S:一軒ずつ書店をまわっていくのは確かに大変そうですね。STORESで業務が楽になったのなら嬉しいです!
現在、ストアの運営で苦労している点などはありますか?
白根ゆたんぽさん:
う〜ん、苦労していることですか。
実際の運営はサクサクと行えているので、快適にやらせていただいています。笑
発送を一人でやっているので、「Tシャツ30枚」 とか大量受注があると検品が大変だったりしますが。
自分が通販好きというのもあり、封筒などの外側にも気を使うのが楽しいんですよね
Tシャツの時はダンボール箱も厳選してラベルもつくって箱がひとつの作品になるようにしたりとか。
S:それは届いたら嬉しいですね!普通のオーダーの時も、何かこだわっていることがあるんでしょうか?
白根ゆたんぽさん:
オーダーいただいた商品とは別に、ショップカードや包装紙を入れるようにして、
クリスマスやバレンタインなど特別な季節の時にはシーズンに合わせた
イラストを写真用紙にプリントしたものを封入したりもしてます。
S:サインも入ってるんですか!このイラストを集めるために毎シーズン買ってしまいそうです。もはやこれだけでも、販売していただいたら買います。笑
STORESで気に入っている点や好きなところはありますか?
白根ゆたんぽさん:
ちょこちょこアップデートされているので、いじってるうちに「ここが変わってる」と気づくのは楽しいでね。
他に委託するという方法もあるとは思うんですけど、結局自分でやっちゃう方が楽なんですよね。お客さんの反応は本当に正直で。売れないのは本当に売れないので、たまにこっそり値段下げたり。笑
自宅兼仕事場なので、これは鉄板商品だからと思い切って大量発注したりすると家に大量の段ボールが、という状況になります。笑
S:STORESで改善してほしい点はありますか?
白根ゆたんぽさん:
海外から問い合わせがたまにくるんですよ。PayPalが対応したので、発送の方も海外対応してほしいですね。
海外対応の通販ができるサービスを使っている友人もいますが、ページが全部英語なのでちょっと躊躇してしまったり。
なのでSTORESさんが対応してくれれば嬉しいですね。
S:海外発送についてはたくさんご要望を頂いているので、なるべく早く対応できるように頑張ります!
最後に今後の展望についてお聞かせください。
白根ゆたんぽさん:
来年50歳になるのですが、どうなるのか予想がまったくつかなくて。笑。
若い方といろいろ絡んでいきたいというのは日々思っていてそれはなんとなく実現できているかなあと感じているので、それは維持しつつ今のペースで2、3年くらいは個展やZINEの制作など多めにやっていければと思っています。

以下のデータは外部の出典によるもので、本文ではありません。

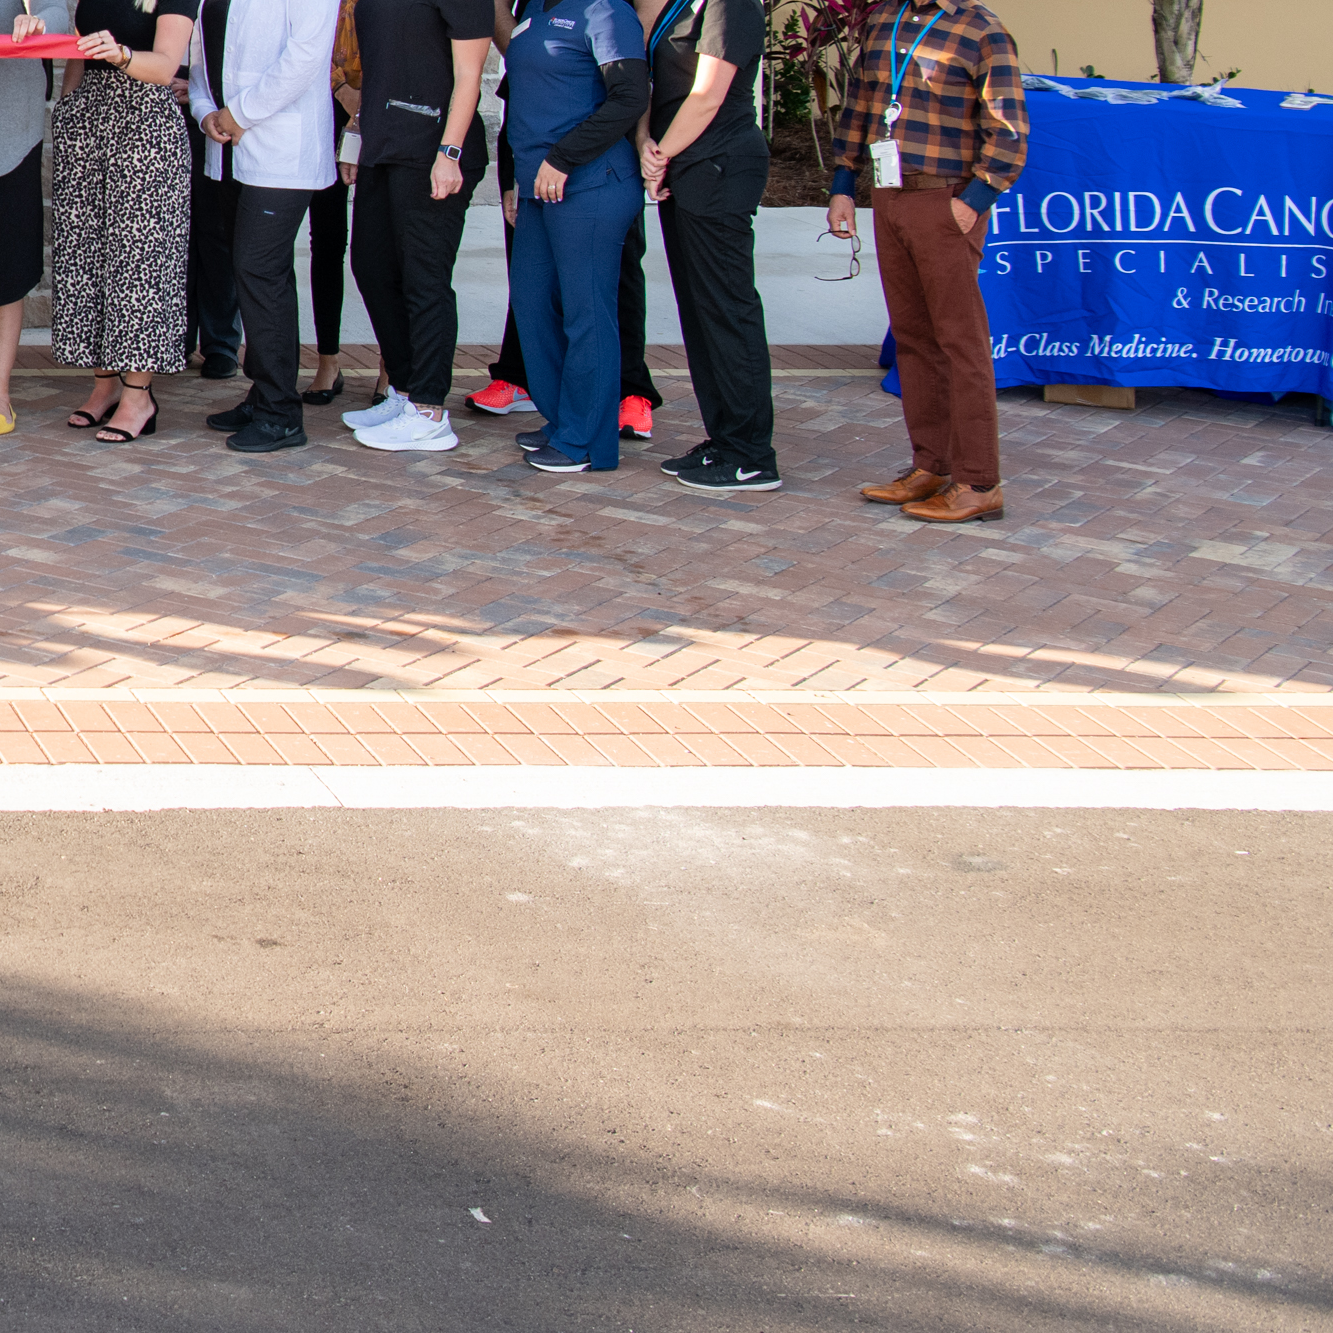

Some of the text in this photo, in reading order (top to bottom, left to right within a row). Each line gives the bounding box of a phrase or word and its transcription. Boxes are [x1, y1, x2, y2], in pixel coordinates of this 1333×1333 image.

今年は5月に大阪で6月に京都、9月に東京で個展をやる予定です。
新作のZINEなども出す予定ですのでご期待ください。
編集後記
「見た瞬間に面白い、わかりやすく新鮮なものを」
線で表現するのはシンプルに見えるけれど、そこに描いてある線は無駄がなく洗練されていなければならないため、実はとても難しいのではないかと思います。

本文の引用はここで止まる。